Fish and Cherries Productions

Creative content from a mad mind.


Reel Snippet – Once Upon a Time in Hollywood

Tale as old as Tinseltown.

Summary: Back in 1969, Hollywood Western star Rick Dalton (Leonardo DiCaprio) is falling into despair as he’s realizing that he’s past his prime and Hollywood is leaving him behind. His best friend and stunt double Cliff Booth (Brad Pitt) encourages him and pushes him to keep going, particularly with Dalton’s new show coming up, while doing odd jobs for Dalton on his days off. But in Dalton’s head, his only hope lies in his next door neighbor Sharon Tate (Margot Robbie), who is married to famous director Roman Polanski (Rafa? Zawierucha) and could be the key to getting his career back on track. One fine day, each of them sets out to enjoy one day in Hollywood, going about their daily business and chasing their own desires, unaware that things are slowly coming together in a twisted way.

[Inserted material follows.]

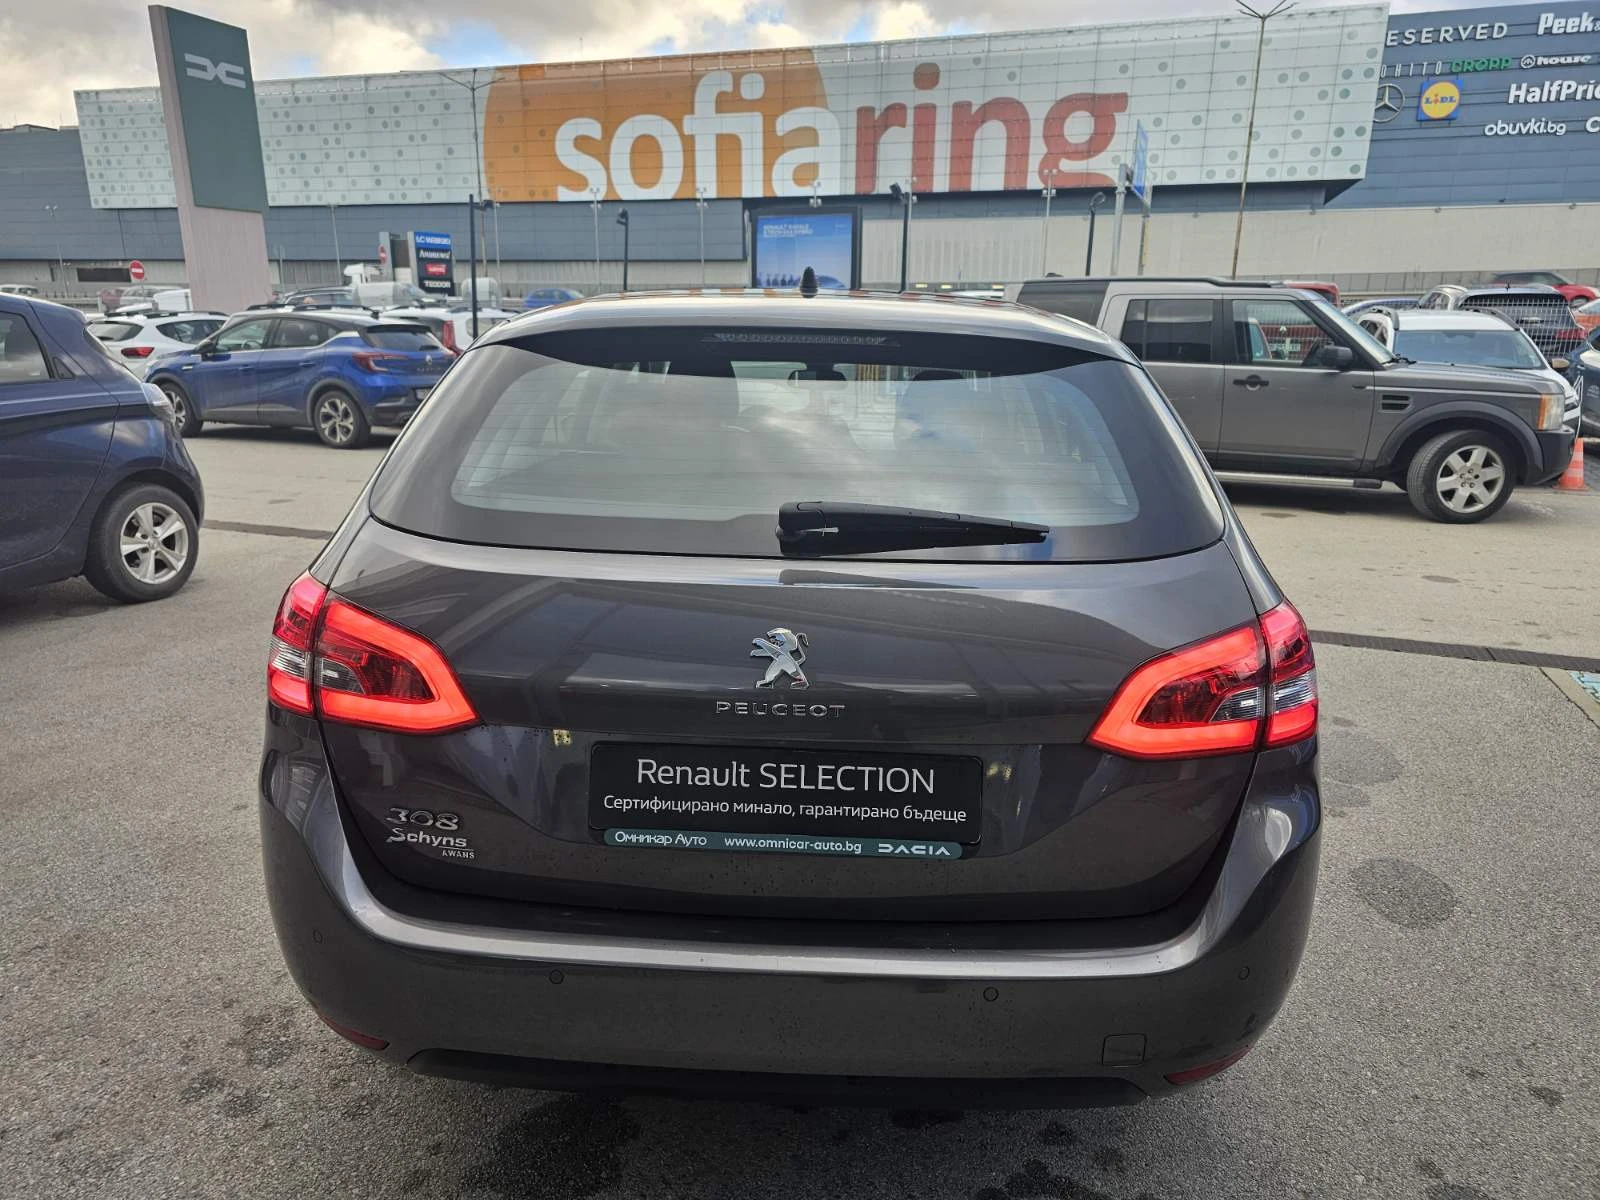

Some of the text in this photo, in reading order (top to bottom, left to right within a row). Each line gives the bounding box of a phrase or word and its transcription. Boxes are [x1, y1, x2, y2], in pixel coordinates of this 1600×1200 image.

Review: Once Upon a Time in Hollywood was a technically well-made movie in regards to camerawork and acting, but the problem was the story. Mainly, there was both too much of it and barely any at all. The movie jumps between different individual storylines with no rhyme, reason, or sometimes even payoff, leaving a disjointed narrative and a very unsatisfied reviewer. You could cut Margot Robbie out of the movie entirely and the movie would have lost nothing except for a fakeout that’ll come later.

So yeah, I already wasn’t having a good experience with the story, but what made it worse was how punishingly long it was. This movie clocks in at two hours and forty-one minutes and boy, does it feel like an eternity. Avengers: Endgame and each Lord of the Rings movie have longer runtimes and none of those felt as long as Quinten Tarantino’s latest film here. Again, a lot of this comes down to the stories and how they don’t even connect until the end, which might explain why I don’t remember most of the events that happened to Brad Pitt. Now Tarantino is no stranger to stories with multiple plot lines, like Pulp Fiction or Inglorious Basterds, but those films had a rhythm to them. Here, scenes are slapped against each other back to back with extremely clunky segues switching between them. Also, did I mention how pointless Margot Robbie’s scenes were? Well, it bears repeating: Margot Robbie’s scenes are freaking pointless!

Well… not entirely. It’s time for some spoilers.


The climax of this movie is a conflict with some of the Manson family, who killed an eight-months-pregnant Sharon Tate in real life. Here, they start next door at Rick Dalton’s house and fall victim to one of Tarantino’s classic blood baths as Dalton, Booth, and his dog tear through them. So yeah, Robbie as Sharon Tate was meant to tie our male leads to the Manson family and serve as a red herring. This is following Tarantino’s latest trend of historical rewrites to punish horrible people, like Hitler in Inglorious Basterds and slave owners in Django Unchained. The difference here is that, while the violence in those movies was certainly over the top, this instance felt much more drawn out and gratuitous. The Hitler shooting lasted for about ten seconds and conveyed all it needed to, but here we got “treated” to shards of something in someone’s face and the dog ripping and snapping different assailants about. It was too much for me and the fact that the Manson family spent about five minutes discussing their motivations didn’t help.


My favorite parts were probably Rick Dalton on the sets of a new Western movie and a big part of that has to do with a young method actor named Trudi Fraser (Julia Butters). She is legitimately the best character in the movie, hands down. I also loved the part where Booth encouraged Dalton about his stumbling career, only to drive home and reveal to the audience the squalor that he lives in compared to his friend. Everything else just feels like a missed opportunity. Bruce Lee (Mike Moh) appears at several points in the movie and doesn’t serve any real purpose apart from reminding the audience that Bruce Lee existed back then. The movie also heavily leans on the male gaze for its cinematography and while I’m not opposed to fan service and wouldn’t shame anyone for liking that stuff, there came a point where it started to feel way too excessive. But the biggest missed opportunity was when Booth smokes a cigarette laced with acid and we don’t get to see his trip from his perspective. Just imagine how much more engaging and visually spectacular the final fight could have been through an acid lens.

All in all, this experience has made me wonder if I’ve outgrown Tarantino films. I wasn’t as entertained by the quirky filmmaking choices and when I wasn’t disgusted or annoyed, I was just bored. If I wanted to see an over the top movie about the old days of Hollywood, I’d watch The Nice Guys again. It seems like a lot of people like this movie, but I left the theater feeling very angry as if something had been taken away from me (specifically almost three hours of my life). So yeah, screw this movie. Y’all can love this movie, but I never want to think about it again.

Fun Tidbit: Say what you want about Margot Robbie’s scenes, but it’s hard to deny their authenticity. Robbie is wearing Sharon Tate’s actual jewelry, donated to her by Sharon’s sister Debra.